Every entry below is to be copied exactly, with nothing omitted.

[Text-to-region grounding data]
--- START ---

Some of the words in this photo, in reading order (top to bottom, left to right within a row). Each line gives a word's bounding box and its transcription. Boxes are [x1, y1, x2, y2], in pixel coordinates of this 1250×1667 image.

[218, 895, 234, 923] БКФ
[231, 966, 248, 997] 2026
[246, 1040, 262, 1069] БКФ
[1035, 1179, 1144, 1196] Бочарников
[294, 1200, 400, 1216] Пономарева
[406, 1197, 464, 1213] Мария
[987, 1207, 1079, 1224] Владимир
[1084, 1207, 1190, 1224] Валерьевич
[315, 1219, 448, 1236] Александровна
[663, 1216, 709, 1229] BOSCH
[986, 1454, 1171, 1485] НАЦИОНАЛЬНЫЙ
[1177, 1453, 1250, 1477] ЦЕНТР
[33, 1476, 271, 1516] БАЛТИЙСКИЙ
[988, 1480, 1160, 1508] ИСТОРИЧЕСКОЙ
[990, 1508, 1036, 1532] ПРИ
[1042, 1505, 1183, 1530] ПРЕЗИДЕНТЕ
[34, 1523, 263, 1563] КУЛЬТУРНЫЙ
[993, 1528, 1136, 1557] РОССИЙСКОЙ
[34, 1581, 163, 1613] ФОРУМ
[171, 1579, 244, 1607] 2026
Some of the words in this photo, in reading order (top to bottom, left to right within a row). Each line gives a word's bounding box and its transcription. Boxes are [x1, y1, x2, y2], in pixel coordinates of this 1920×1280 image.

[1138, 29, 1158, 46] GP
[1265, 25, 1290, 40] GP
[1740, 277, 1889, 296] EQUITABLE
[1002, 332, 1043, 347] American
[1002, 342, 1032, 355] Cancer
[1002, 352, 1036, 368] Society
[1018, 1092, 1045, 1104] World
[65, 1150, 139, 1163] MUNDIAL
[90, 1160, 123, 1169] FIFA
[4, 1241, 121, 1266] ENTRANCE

--- END ---

Output:
Some of the words in this photo, in reading order (top to bottom, left to right within a row). Each line gives a word's bounding box and its transcription. Boxes are [x1, y1, x2, y2], in pixel coordinates of this 1250×1667 image.

[218, 895, 234, 923] БКФ
[231, 966, 248, 997] 2026
[246, 1040, 262, 1069] БКФ
[1035, 1179, 1144, 1196] Бочарников
[294, 1200, 400, 1216] Пономарева
[406, 1197, 464, 1213] Мария
[987, 1207, 1079, 1224] Владимир
[1084, 1207, 1190, 1224] Валерьевич
[315, 1219, 448, 1236] Александровна
[663, 1216, 709, 1229] BOSCH
[986, 1454, 1171, 1485] НАЦИОНАЛЬНЫЙ
[1177, 1453, 1250, 1477] ЦЕНТР
[33, 1476, 271, 1516] БАЛТИЙСКИЙ
[988, 1480, 1160, 1508] ИСТОРИЧЕСКОЙ
[990, 1508, 1036, 1532] ПРИ
[1042, 1505, 1183, 1530] ПРЕЗИДЕНТЕ
[34, 1523, 263, 1563] КУЛЬТУРНЫЙ
[993, 1528, 1136, 1557] РОССИЙСКОЙ
[34, 1581, 163, 1613] ФОРУМ
[171, 1579, 244, 1607] 2026
Some of the words in this photo, in reading order (top to bottom, left to right within a row). Each line gives a word's bounding box and its transcription. Boxes are [x1, y1, x2, y2], in pixel coordinates of this 1920×1280 image.

[1138, 29, 1158, 46] GP
[1265, 25, 1290, 40] GP
[1740, 277, 1889, 296] EQUITABLE
[1002, 332, 1043, 347] American
[1002, 342, 1032, 355] Cancer
[1002, 352, 1036, 368] Society
[1018, 1092, 1045, 1104] World
[65, 1150, 139, 1163] MUNDIAL
[90, 1160, 123, 1169] FIFA
[4, 1241, 121, 1266] ENTRANCE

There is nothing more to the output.